NFS
<< Local File Systems | NFS | Parallel File Systems >>
Many HPC clusters, especially small and medium clusters with data access
requirements that can be served by a single host, utilize the Network File
System (NFS) to share data directories to the other nodes in the cluster.
NFS is the de facto standard for data sharing in HPC clusters because of
its ease of configuration and ubiquitous support. An NFS server runs on the
node that serves the data space, and an NFS client runs on all other nodes
that need to access the data.
This allows the users home directory, or shared data directories as needed, to be mounted to all compute nodes so that applications running on the compute nodes have access to the same data that is available to the user when they're logged in to the master node.
The NFS directories can be shared over the clusters administrative network, which is often Gigabit Ethernet, or over the clusters high speed interconnect, which can significantly increase data access speed.
There are projects such as
parallel NFS
which aim to make NFS servers function in parallel so that more than
one NFS server may be used to service the data share, but that capability
isn't yet mainstream. Parallel NFS has now been added to the NFS v4.1
standard, and several vendors are developing and intend to support it.
The current NFS implementation relies on a single server to serve any particular data space, which means that the protocol overhead, local RAID speed, bus architecture, network interfaces, memory, and Central Processing Unit (CPU) speed of that server limits the speed as which NFS data can be accessed. If your application(s) data requirements for that data space are higher than this single server can accommodate, the NFS server becomes a performance bottle neck for the cluster.
NFS has been around a long time, and it has different protocol versions. There are version 2, version 3, and version 4 NFS implementations. NFS Version 2 operates over UDP protocol only, and limits read and writes to 8 KBytes per transaction, which can be a major performance bottle neck.
Modern Linux distributions support NFS version 3, which allows the use of TCP to up the transaction size to 32 KBytes or even larger, although the upper limit is architecture and implementation dependent. NFS Version 3 has other performance modifications as well, such as weak cache consistency and safe asynchronous writes (which allow the server to reply before it has saved the data to disk in order to concatenate many small write operations into larger disk transactions).
Aspen recommends NFS Version 3 for almost all HPC uses unless this is impossible due to client or software version considerations.
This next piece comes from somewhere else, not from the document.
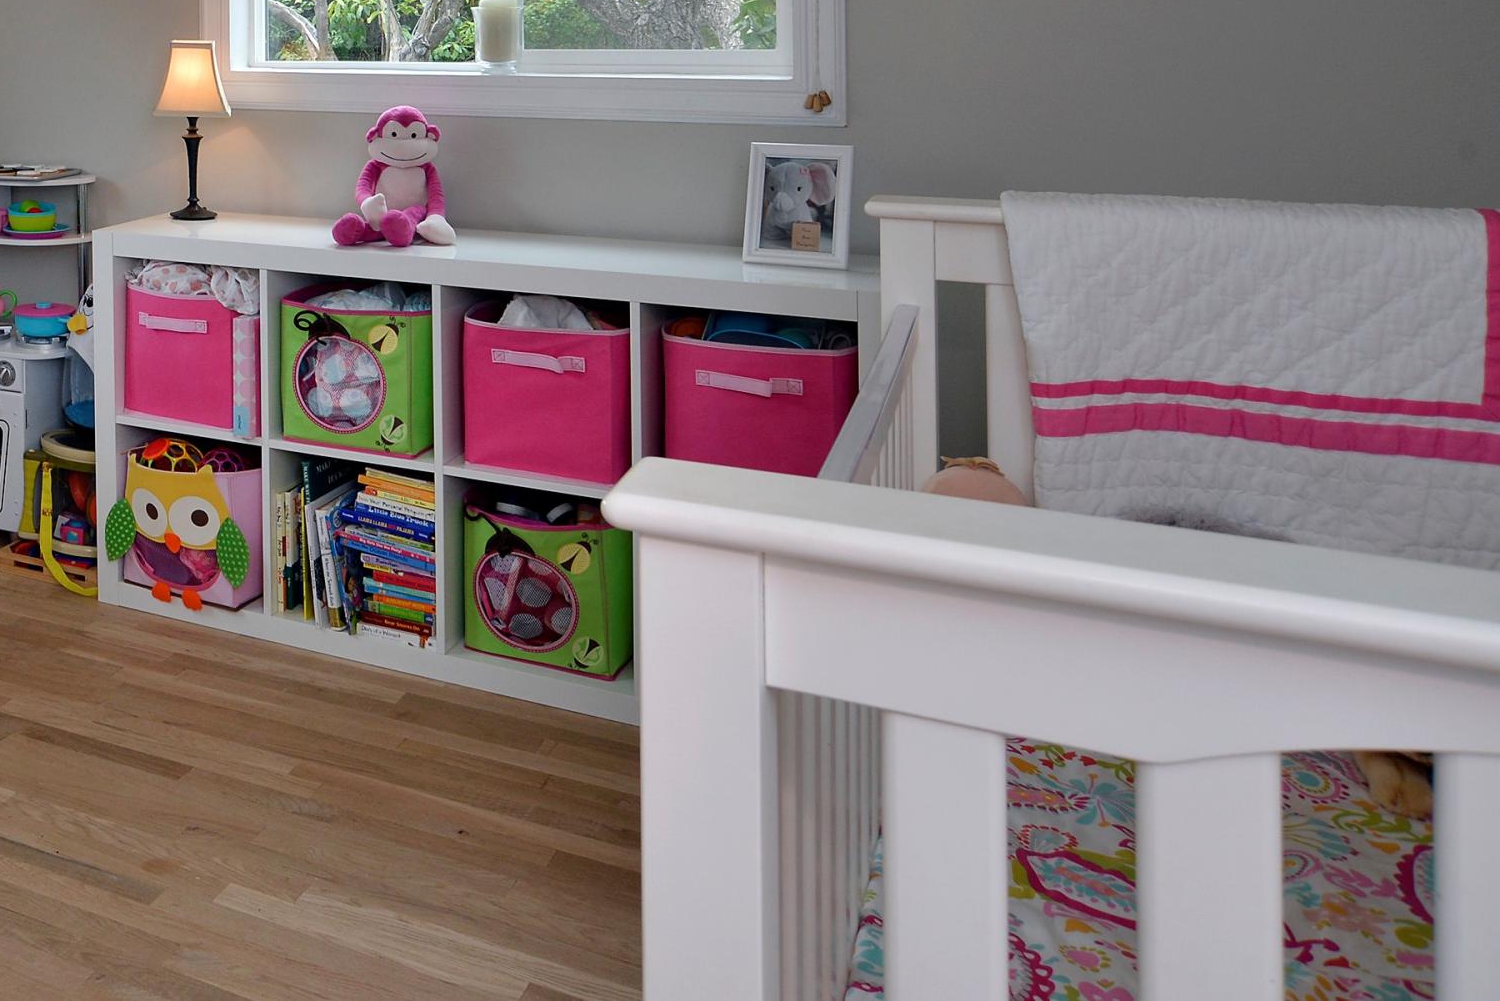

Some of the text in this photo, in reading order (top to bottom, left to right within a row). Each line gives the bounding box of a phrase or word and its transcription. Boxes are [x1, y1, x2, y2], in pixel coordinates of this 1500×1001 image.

NFS Version 4 introduces state control, byte locking, share reservations, file delegation, compound RPC calls, upgraded ACLs and security enhancements, and other features which promote wide area use and better file access control. Contrary to normal logic, NFS V4 performance is not generally better than NFS Version 3, as the new capabilities come with cost paid in greater overhead and processing.
Parallel file systems can be used to solve many of the issues raised above, so why not just jump straight into implementing a parallel file system as part of your next HPC solution? There are some good reasons to utilize NFS vs. a parallel file system.
- NFS is well supported.
NFS has been around since 1984, when Sun Microsystems developed the protocol. It is an open standard, which allows anyone to implement a client, and there are clients for every major operating system, most of which have been well tested and tuned, and are well understood. That counts for a lot, as your file system stability directly affects both the stability and productivity of your solution.
- NFS is familiar.
It's pretty easy to configure and mount an NFS share. It's also easy to tune a client for good performance. NFS server tuning is not quite as easy or well understood, but it's not that hard. Almost any Unix or Linux administrator has at least a passing familiarity with NFS, and knows how to configure and administer it. The same cannot be said of many parallel file system servers and clients, as they have a much smaller installed base and can be quite complex to configure and tune.
- NFS performance might be enough for your needs.
Yes, NFS has inherent limitations built into the protocol that limit its scalibility. One of the ones we've mentioned is that you must utilize a single data server for a data share, so that servers maximum performance defines your entire data shares maximum performance, but there are ways to increase this performance, sometimes to the performance level of a parallel file system, while retaining the familiarity and ease of use of NFS. We'll discuss those options in the High Performance NFS section.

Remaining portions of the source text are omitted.